16+ Hours Downtime with Racknerd?
First post here. So I bought the $35/year deal with Racknerd and I mostly host open-source tools we use internally for project management, team communication...etc.
On Feb 5, 6:48 PM EET betteruptime.com logged a timeout error and the server proceeded to give timeouts and error 502s. This continued till Feb 5, 10:58 AM EET.
From what I gathered from support, this was some sort of hardware failure at the Dallas datacenter which they needed to replace.
I started a ticket with support with #655164 and they denied that there was anything going on at first and told me to "check again now", nothing had changed.
After the incident was resolved I emailed Dustin to report what happened (3 days ago) and still no reply from him to even acknowledge the issue. Concerning.

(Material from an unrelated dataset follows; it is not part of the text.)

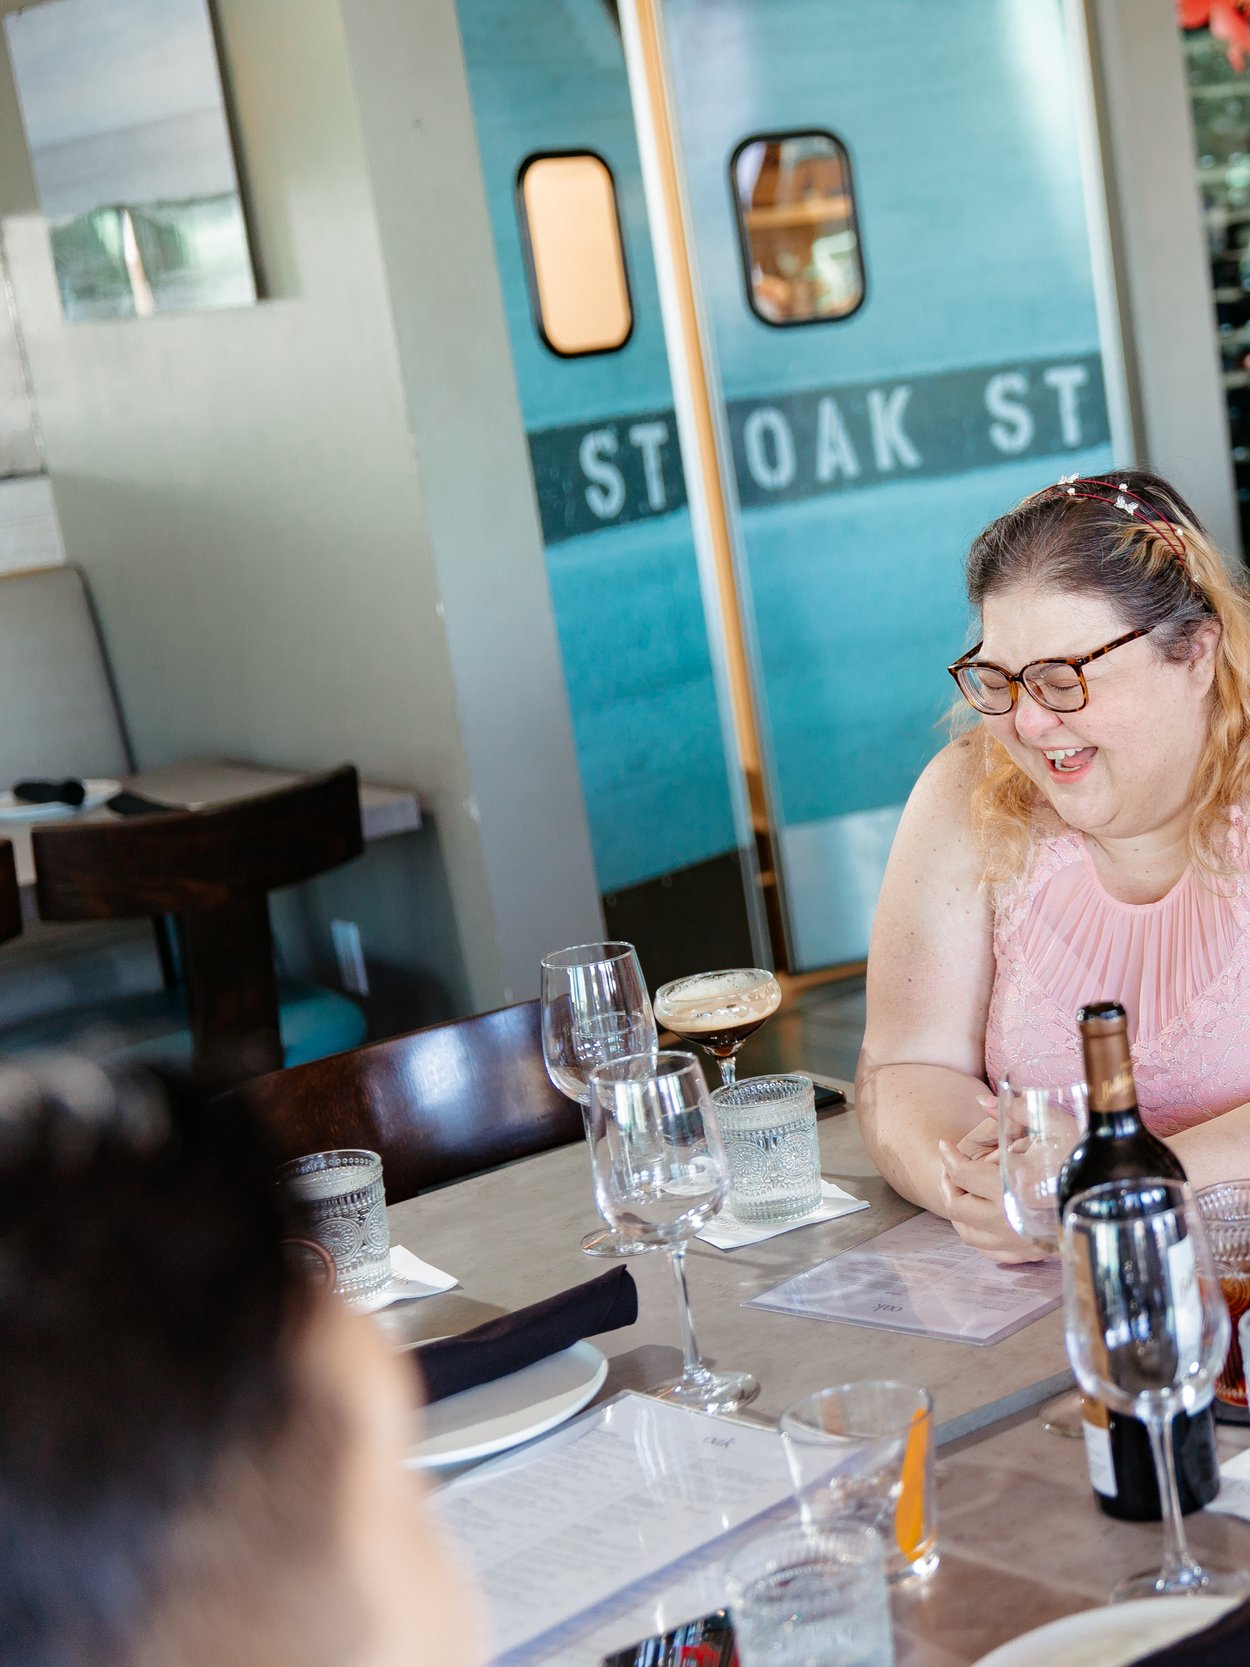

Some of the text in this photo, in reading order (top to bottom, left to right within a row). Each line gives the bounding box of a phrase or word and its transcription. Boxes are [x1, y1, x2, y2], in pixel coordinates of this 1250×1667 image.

[579, 422, 669, 519] ST
[743, 366, 1089, 491] OAK ST

The most frustrating issues:
1) It didn't seem like racknerd is even monitoring the uptime of its nodes. After over 45 minutes of connectivity issues, I reported the downtime and I went back and forth with support who were still trying to convince me that the server is up by sharing "ping" results even though everything was timing out and I couldn't even SSH in. Assuming no one reported the issue in the first place, would the server have stayed down forever?
2) The issue took an insane - pretty much never seen before with any of my other hosting providers - 16 hours to get sorted. I mean, one could argue that you shouldn't expect much from a $35/year deal but come on, 16 hours?
3) The statuses on the status page do not help one bit. The most important aspect to share in a time like this is ETA for resolution. That was non-existent. When I tried to get it from support, they just told me to follow the status page. Great.
4) Even when the node was back up less than 30 minutes ago as of writing this email, the status page doesn't even show an update that the node is back. So even posting an update about the resolution of the incident is not a straightforward thing to do apparently.
5) Dustin did not respond after 3 days of sending in the email.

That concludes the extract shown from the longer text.